L’emozione del Guercino e del suo dramma sacro, nella sua Cento

Il Guercino teneva molto a questa chiesa, e lo stesso legame è quello che la unisce agli abitanti di Cento. Che dal 2012 però non vi possono più entrare: duramente colpita dal sisma che, nel maggio di quell’anno, ha squassato le province di Modena, Ferrara, Mantova e Rovigo, la chiesa del Rosario da quell’anno non è più agibile, né ancora si riesce a immaginare una data a partire dalla quale i centesi potranno tornare a vederla aperta e in attività. Nel frattempo occorreva tuttavia agire per far sì che almeno le opere conservate al suo interno non fossero celate alla vista di cittadini e forestieri: Cento si rispecchia nel Guercino, il pittore è il nume tutelare di questa città, è un luminoso faro della comunità, gli abitanti lo considerano una specie di patrono laico e non ufficiale.

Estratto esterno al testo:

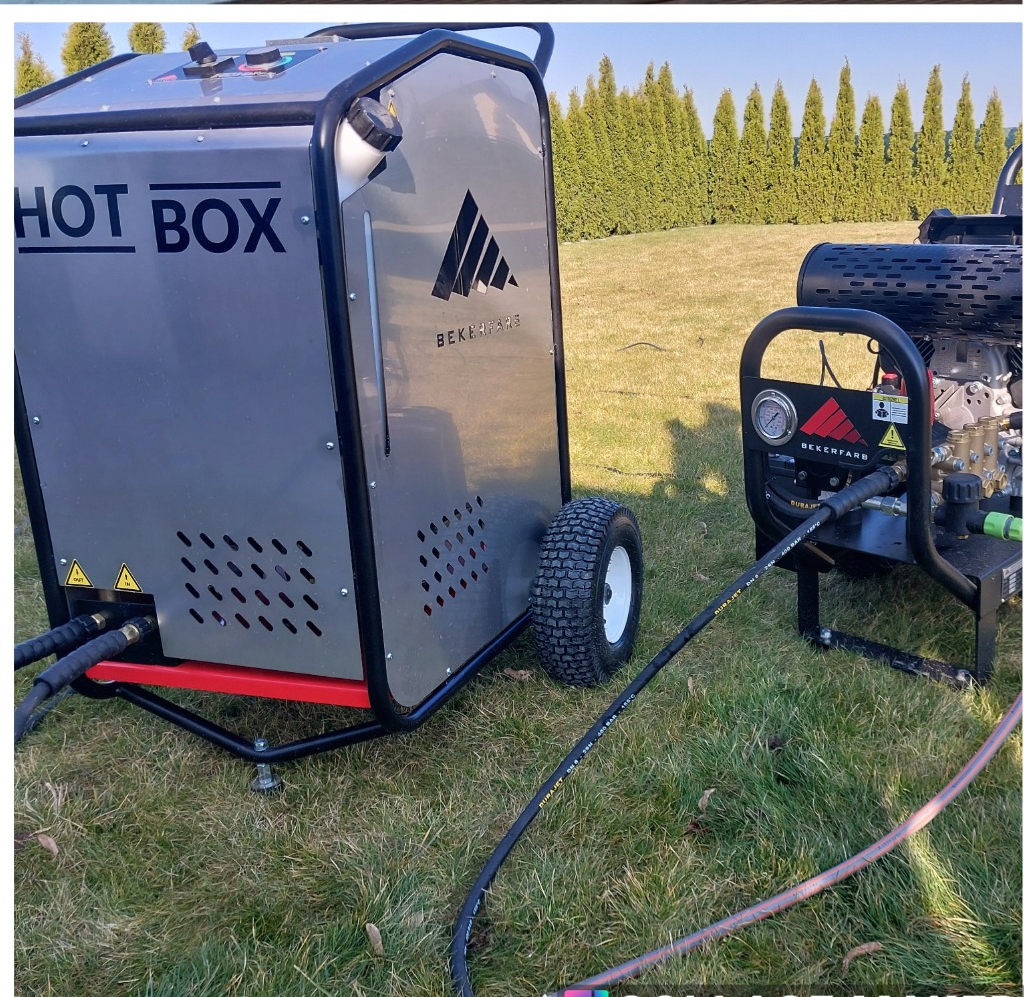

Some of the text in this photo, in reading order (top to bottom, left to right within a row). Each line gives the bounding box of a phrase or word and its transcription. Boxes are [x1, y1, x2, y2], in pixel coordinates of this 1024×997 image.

Mossi da questa consapevolezza e dall’amore nei confronti del loro grande artista, i centesi, dopo il terremoto dell’Emilia, sistemate le persone e avviata e condotta a buon punto la ricostruzione, hanno lavorato per dar finalmente accoglienza a ciò che fin dalle prime scosse non era più dato vedere: le opere del Guercino che si trovavano negli edifici sferzati dai movimenti della terra. Sette anni più tardi, trovata una sede adatta, ovvero la settecentesca chiesa di San Lorenzo, trasformata per l’occasione in Pinacoteca, i dipinti di Giovanni Francesco Barbieri sono nuovamente visibili, e ciò ch’era un tempo nei musei e nelle chiese della città adesso forma il percorso della mostra Emozione barocca. Il Guercino a Cento, allestita nella nuova “Pinacoteca San Lorenzo” e nella Rocca di Cento, e curata da Daniele Benati.